In American Fire & Casualty Co. v. Finn, 341 U.S. 6, 14, 71 S.Ct. 534, 540, 95 L.Ed. 702 (1951), the Supreme Court held that "where there is a single wrong to plaintiff, for which relief is sought, arising from an interlocked series of transactions, there is no separate and independent claim or cause of action under § 1441(c)." It is clear from this statement, the Finn opinion as a whole, and the subsequent cases applying its rationale that related transactions and common questions of law or fact are not alone enough to weld claims together for the purpose of applying § 1441(c). The circumstances and character of the impact upon the plaintiff or plaintiffs are also crucial.3 Elsewhere in its opinion the Supreme Court suggests that inquiry must be made of whether there was "a single wrongful invasion of a single primary right of the plaintiff"—"one actionable wrong" for which plaintiff "was entitled to but one recovery"— damage arising from "a single incident." 341 U.S. at 13, 16, 71 S.Ct. at 540. As will appear hereafter the second part of this test is important in the context of this case and precludes a finding that no claim asserted is separate and independent of the others.
I accept plaintiffs' argument that Claims 1 through 5 are not separate and independent.

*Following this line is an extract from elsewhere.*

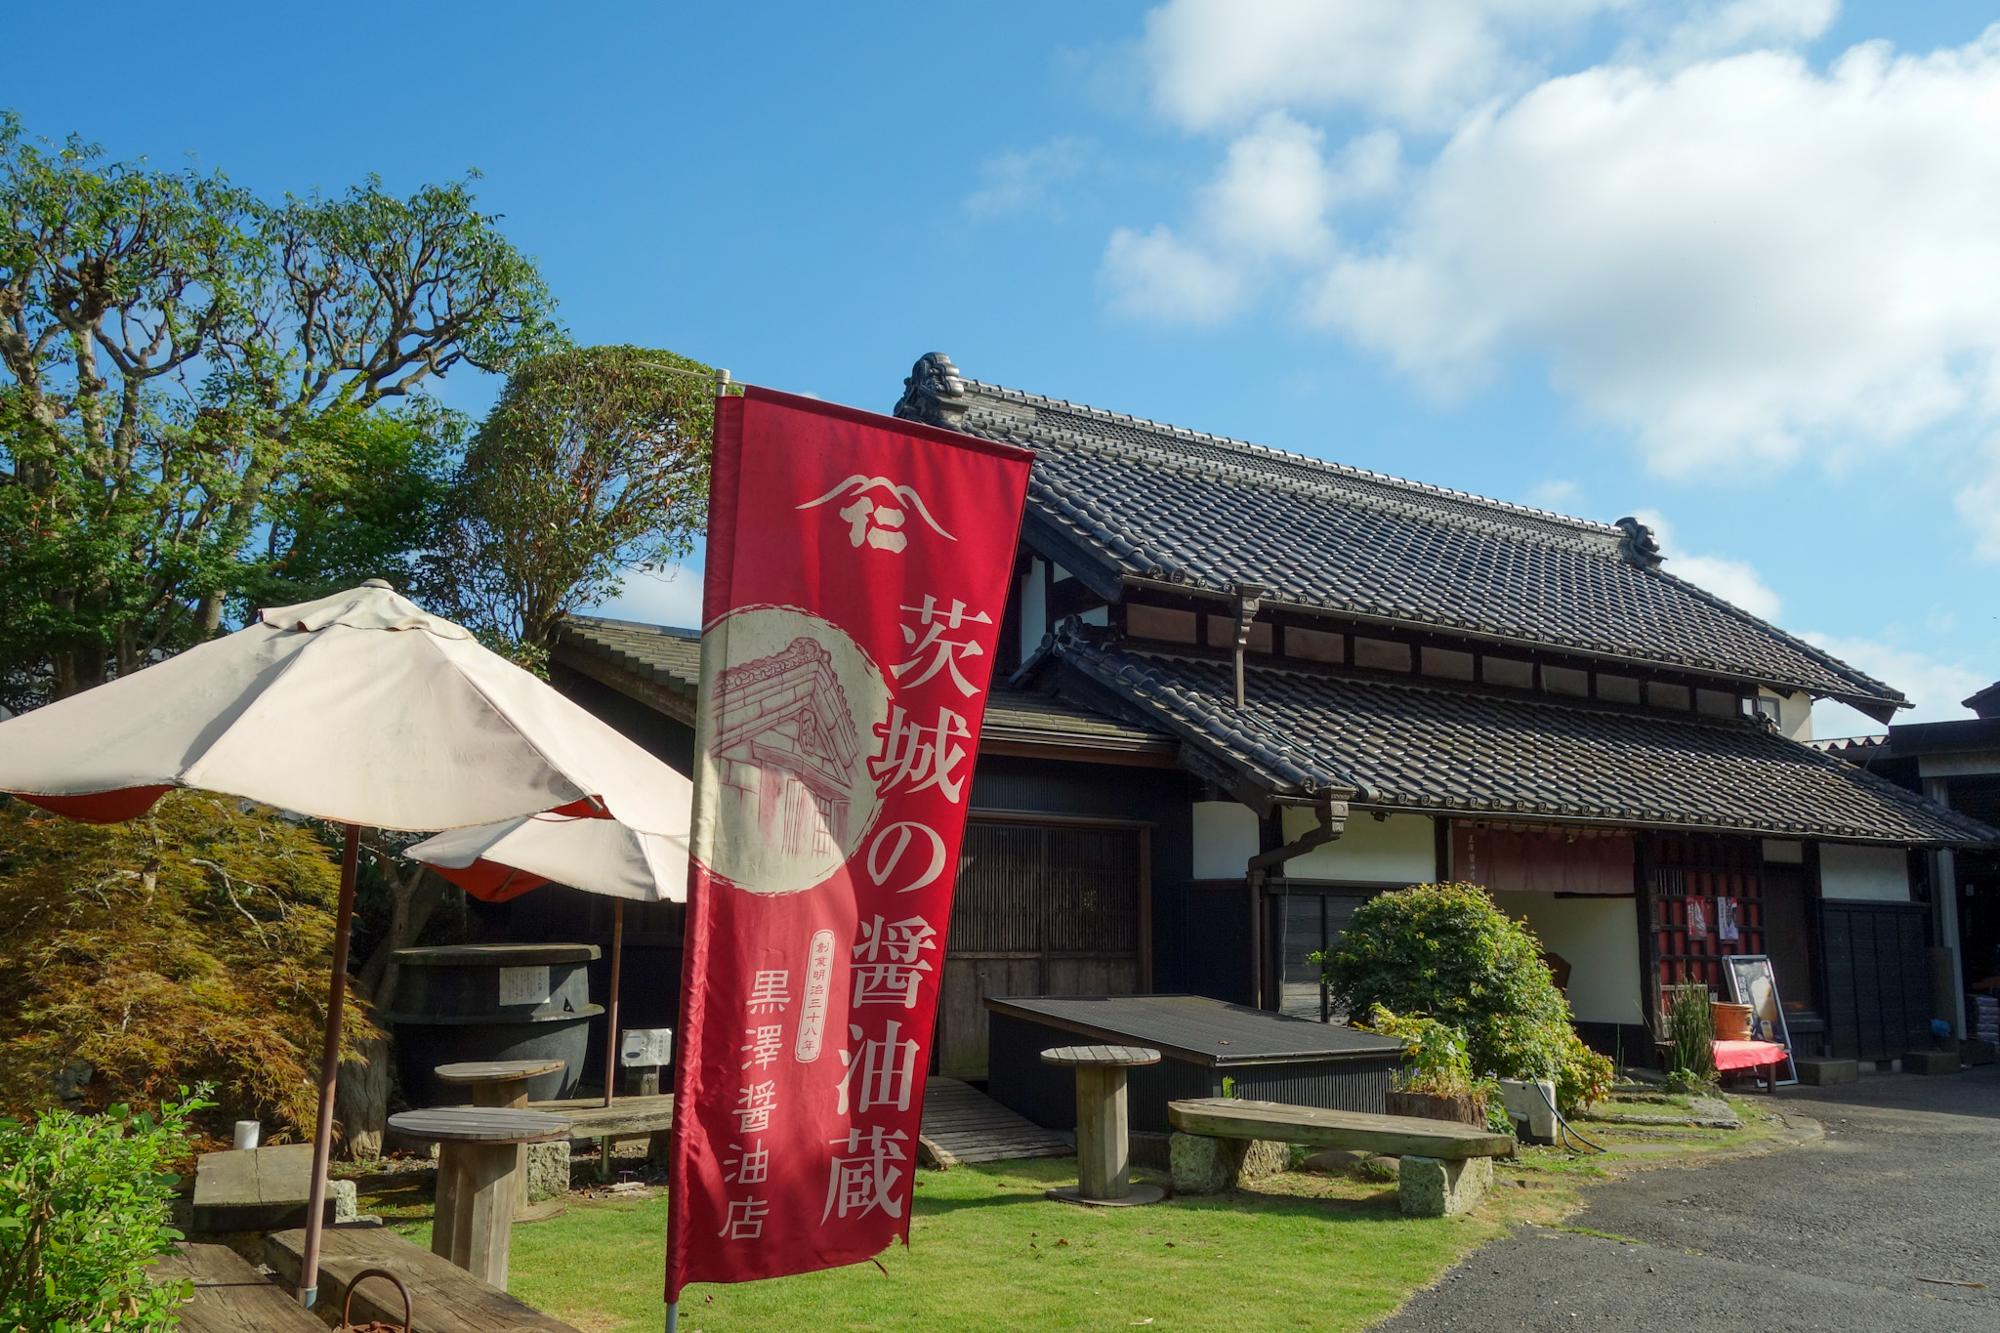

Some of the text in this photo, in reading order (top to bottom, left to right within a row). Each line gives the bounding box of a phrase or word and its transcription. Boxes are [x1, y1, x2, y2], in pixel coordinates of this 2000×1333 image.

[802, 942, 830, 1051] 創業明治三十八年
[821, 594, 992, 1226] 茨城の醤油蔵
[718, 970, 791, 1240] 黒澤醤油店

All of these claims allege facts occurring in connection with a single transaction and assert but a single invasion of a single right, i. e., USI's right to be free from deception in its business dealings with others. The alleged damage to USI resulted from a single incident, consummation of a fraudulently induced bargain. Korber v. Lehman, 221 F.Supp. 358 (S.D.N.Y. 1963).
While the matter is not quite so clear, I agree with plaintiffs that Claims 6(a) and (b) are not separate and independent of each other. There is a split among the...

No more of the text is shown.